I familiari hanno dimostrato nelle interviste comprensione per la situazione di emergenza, hanno però riferito soprattutto per quanto riguardava il primo periodo della pandemia di un forte senso di impotenza, che è aumentato col peggioramento della situazione come pure con le misure anticontagio sempre meno comprensibili.
„Ognuno provava ad essere più presente con quelle persone quando notavi che loro pian piano si spengono. Allora provavi ad essere la più presente, anche se magari sapevi che non hai così [tanto] tempo a disposizione. Provavi andare, entrare più spesso e essere la. (…) Comunque non era quello che era prima, non erano le cose che facevi prima e tutto.“ (Operatore)

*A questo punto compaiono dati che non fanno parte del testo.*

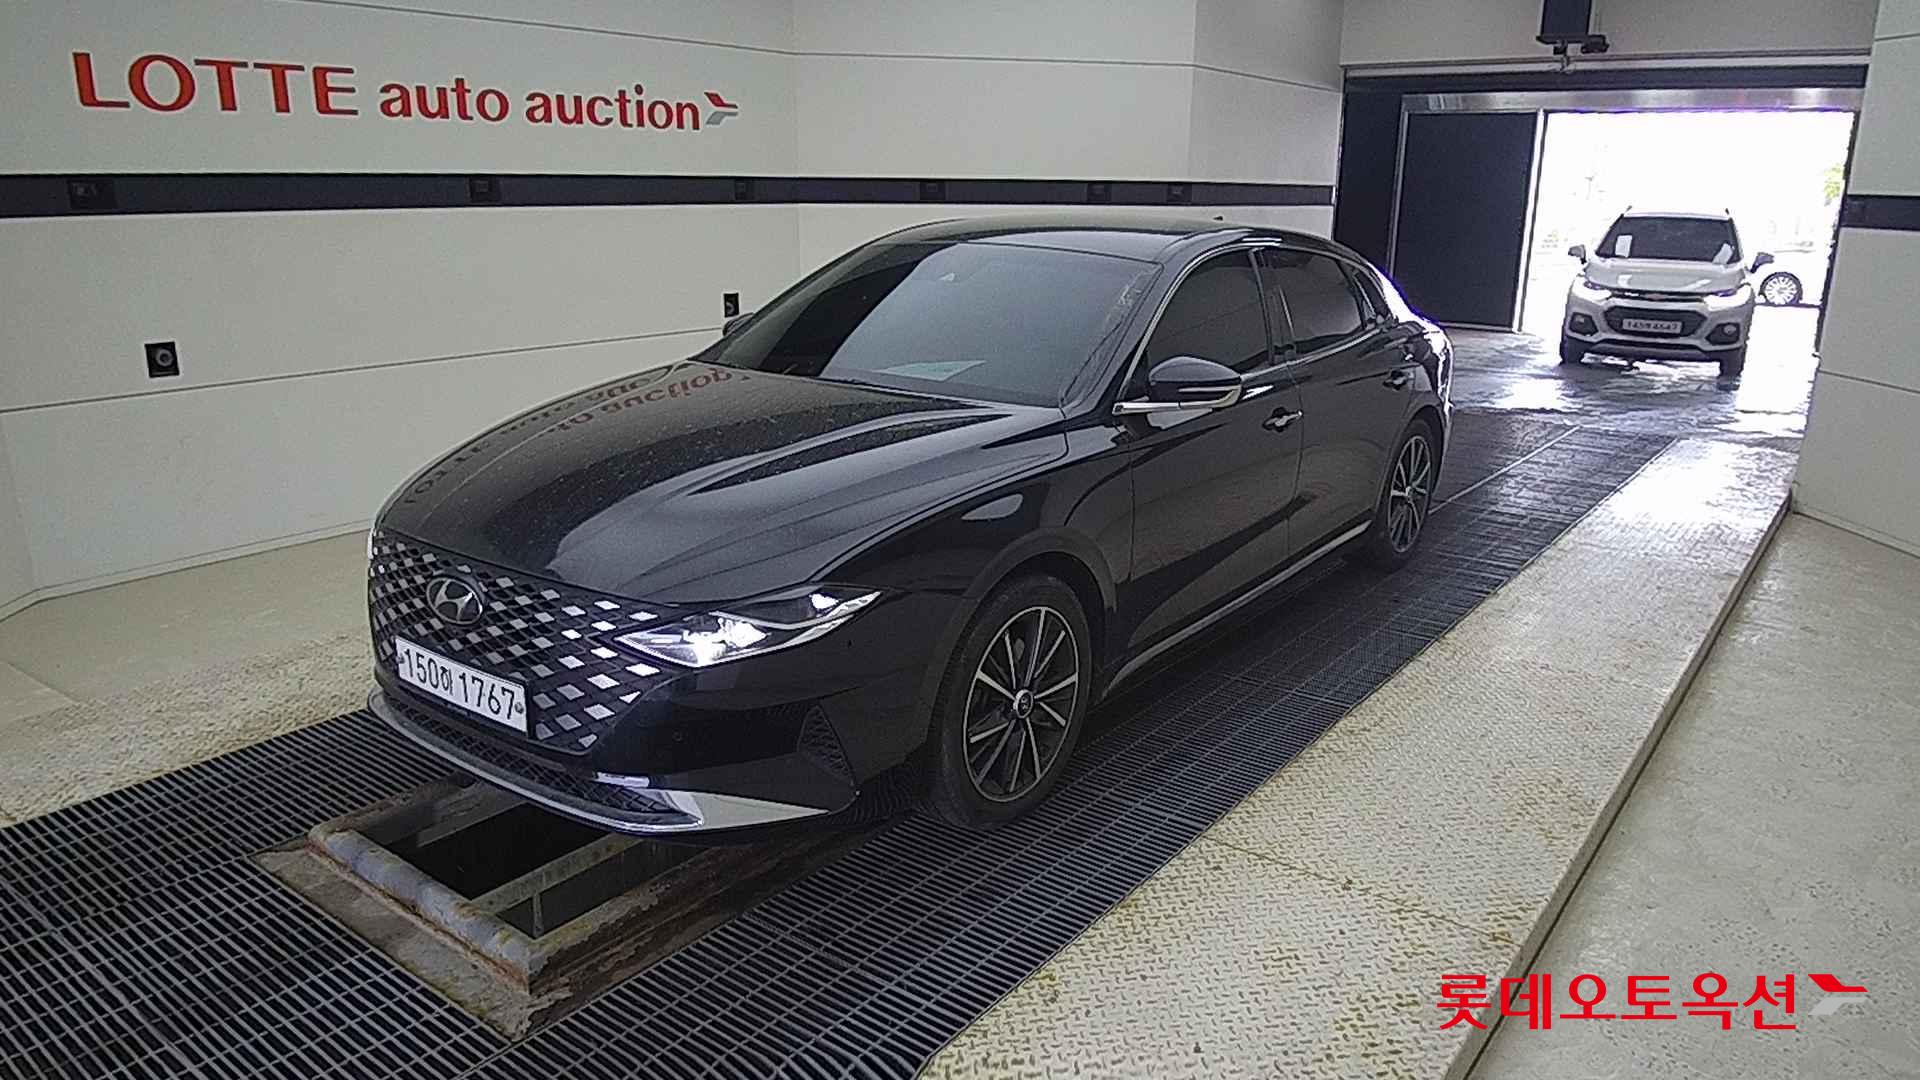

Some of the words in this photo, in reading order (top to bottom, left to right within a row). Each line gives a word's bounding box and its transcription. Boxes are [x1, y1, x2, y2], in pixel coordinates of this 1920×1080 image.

Un’esperienza particolarmente negativa sia per il personale delle residenze che per i familiari è stato il mutato processo di morte e la gestione delle salme, come dice la responsabile dello studio Plagg. “In alcune residenze per anziani è stato impedito ai familiari l’ accesso agli ospiti in punto di morte. Altre residenze non hanno rispettato il divieto di visita adottando comunque le misure di protezione.” I rituali di morte mancanti o cambiati hanno rappresentato per tutte le persone coinvolte una rilevante esperienza di stress emotivo, soprattutto in familiari che non si sono potuti congedare dai loro cari.
Strategie d’azione
“Lo studio ha messo in evidenza molteplici conflitti e questioni che a tutt’oggi non sono state risolti soddisfacentemente per questo un gruppo interdisciplinare di esperti deve discutere le difficoltà descritte” chiede il Presidente dell’Istituto Dr. Adolf Engl. Nel complesso attraverso la collaborazione di personale, ospiti e familiari le residenze per anziani devono essere gestite e organizzate in modo più partecipativo. Nel contempo c’è bisogno di risorse personali sufficienti ed di una retribuzione congrua. “Questo è un dibattito sociale indispensabile che dev’essere condotto a lungo termine” dice la responsabile dello studio Dr.ssa Plagg. A breve termine invece le residenze per anziani devono essere aperte ai familiari e l’accompagnamento di ammalati gravi e terminali da parte dei propri familiari in linea di principio e in ogni caso deve essere garantito. Principi etici fondamentali della cura e dell’assistenza ai pazienti non possono essere messi in discussione, tanto meno in situazioni di emergenza,” conclude la responsabile dello studio.